In response to Pat Gentry’s May 24 letter about Blue Bell’s failure being linked to the state not inspecting thoroughly enough:
Supposedly, government must protect stupid or incompetent people, or entities in the case of Blue Bell, from themselves.
Really? What happened to personal responsibility?
Blue Bell, a multimillion-dollar business, failed because Texas didn’t inspect them aggressively enough? What if Blue Bell followed regulations and its employees did a better job of policing themselves?
No rocket scientist is required to sniff that out.
Bigger government is never the solution.
— Jack Lewis,
North Richland Hills
Matter of honor
Gil LeBreton compared the deflation of New England Patriots’ footballs to “a time-honored sandlot protocol” of getting the advantage of a better grip and he said this dispute is “much ado about nothing” (“Tom Brady should sue Goodell’s pants off,” May 18).
This is an issue about lying, not so much as the cheating seemingly condoned by LeBreton as the American Way.
Brady said he had “no knowledge of anything, any wrongdoing” regarding the deflated footballs.

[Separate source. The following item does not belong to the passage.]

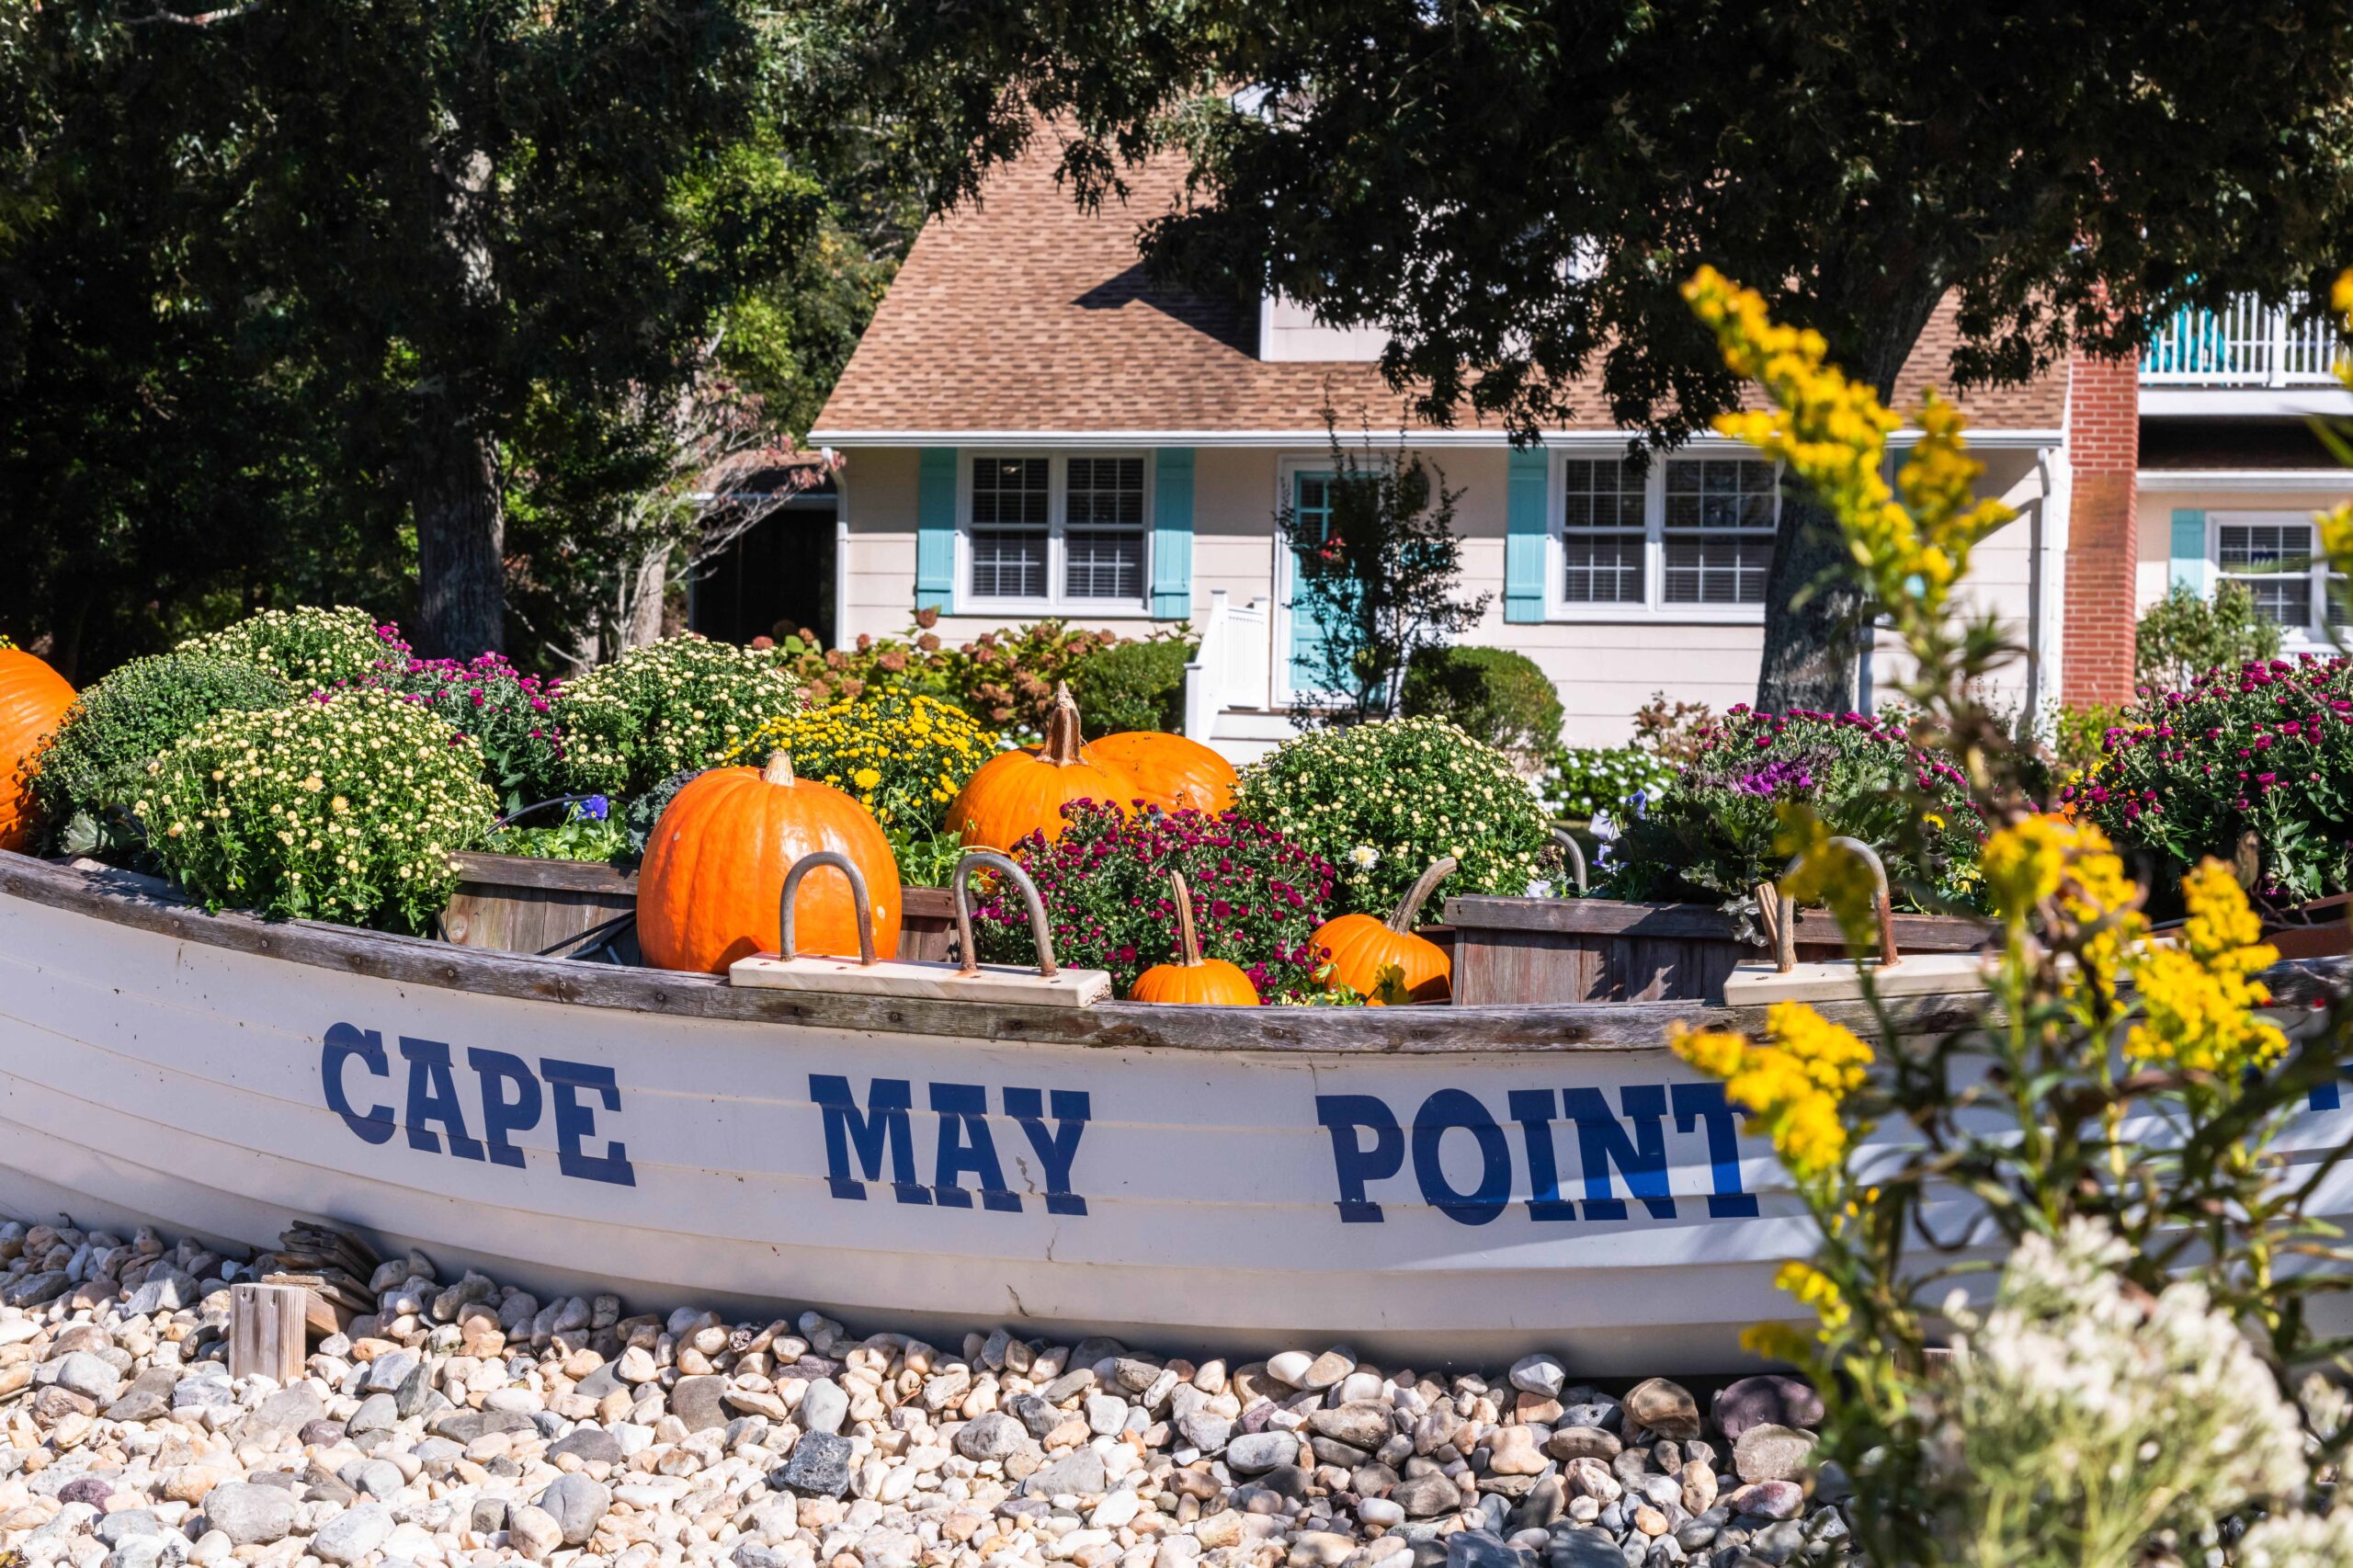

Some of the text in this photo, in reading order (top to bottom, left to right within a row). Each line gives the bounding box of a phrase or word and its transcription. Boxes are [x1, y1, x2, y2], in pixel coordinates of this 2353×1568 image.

[322, 1022, 1760, 1226] CAPE MAY POINT
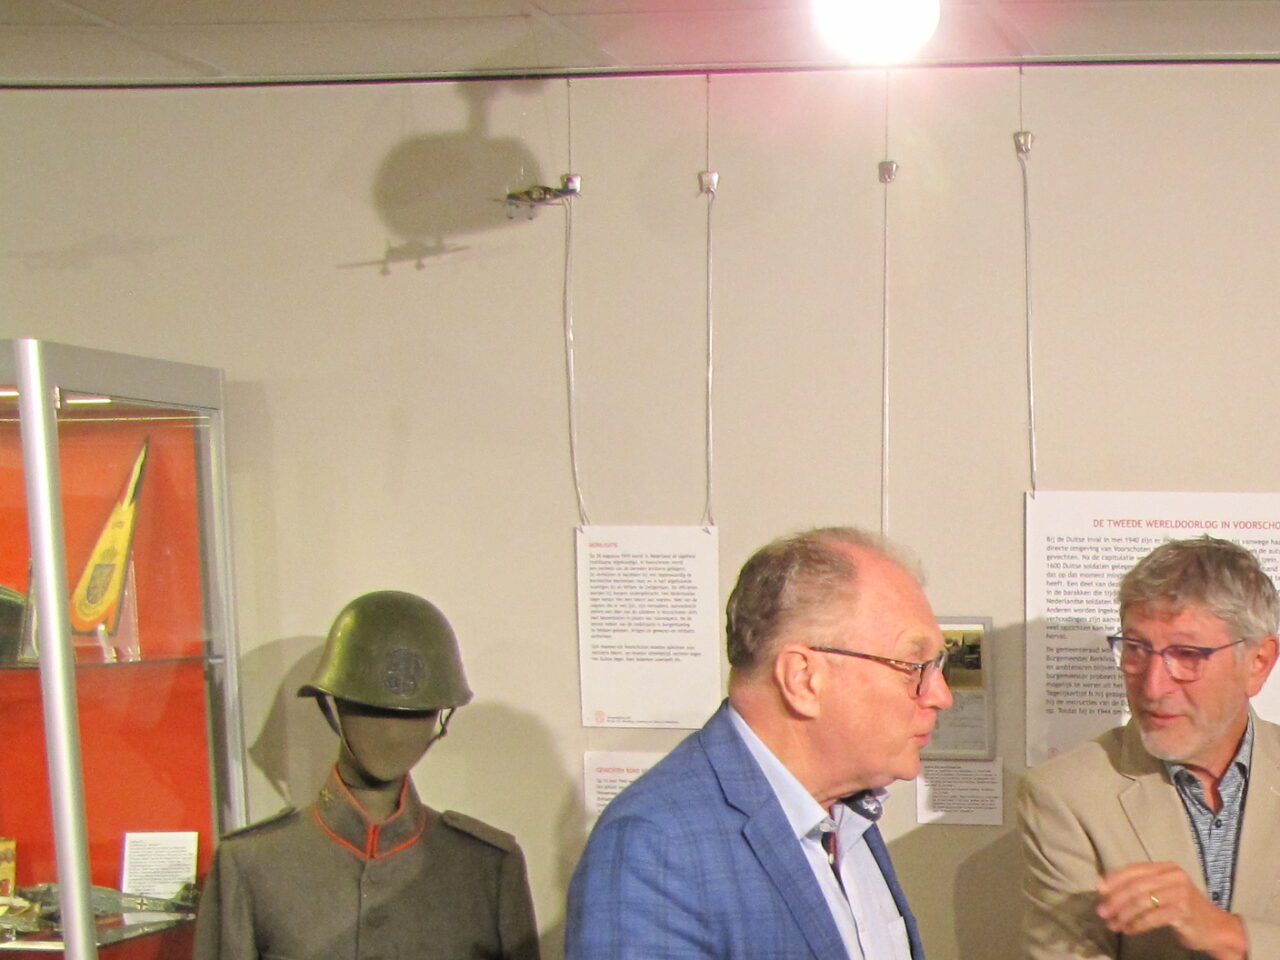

An investigation upheld the judgment of Troy Aikman: “It’s obvious Tom Brady had something to do with this.” Tom Brady lied to reporters and NFL investigators.
The honor of a man’s word matters more than anything. Brady aligns himself with such sports prevaricators as Pete Rose and Lance Armstrong.
— Michael Myers, Fort Worth
Revive the Interurban
Dallas is way ahead of all the other Metroplex cities with its continual expansion of the DART system and connecting electric trolley lines.
What’s needed more than a high-speed train to Austin, San Antonio and Houston is a revival of the old Interurban rail system of many years ago that operated very efficiently throughout the Metroplex.
But it would be updated and modernized like the Metro system that serves Washington, D.C., and its surrounding area.
It could serve Mineral Wells and Weatherford, then thread its way through downtown Fort Worth and Arlington to serve the University of Texas at Arlington, AT&T Stadium, Globe Life Ballpark and Hurricane Harbor, Lone Star Park in Grand Prairie and through Dallas to Fair Park, Mesquite, Terrell and points east where many people commute daily from outlaying areas.
This would help to prevent traffic gridlock when all of the sports and amusement parks are operating, and through much of the bad weather that occurs during the year.
— Charles A.L. Moore, Arlington
Death penalty needed
In response Bob Ray Sanders’ May 20 column, “Death penalty still a blight on the soul of Texas”:
Don Leonard and 167 others were murdered by Timothy McVeigh in the Oklahoma City bombing. Leonard was a police officer, served his country in the armed forces and was a Secret Service agent at the time of his death. His wife and sons were devastated by his passing.
My wife and I attended the funeral at which his widow had the courage to address the congregation. It was beyond emotional.
McVeigh earned and deserved the death penalty. I reviewed the names of those recently executed in Texas and the names of their victims. They also earned and deserved the death penalty.
None of these murderers probably ever contributed anything to society other than violence and heartbreak for their victims and their own families.
The death penalty may be cruel and unusual. But so were the actions these monsters inflicted on their victims. Compassion is a quality that must be reserved for those who need and deserve it — not cold-blooded killers.
— Don Whiteman, Mansfield
In voting against the award of a contract to Thos. S. Byrne Construction Services, because the CEO of Byrne is a member of the Fort Worth school board, Trustee T.A. Sims said, “It has the appearance of nepotism.” If Sims were a member of the board of the Tarrant Regional Water District, what would he say about the Trinity River Vision boondoggle?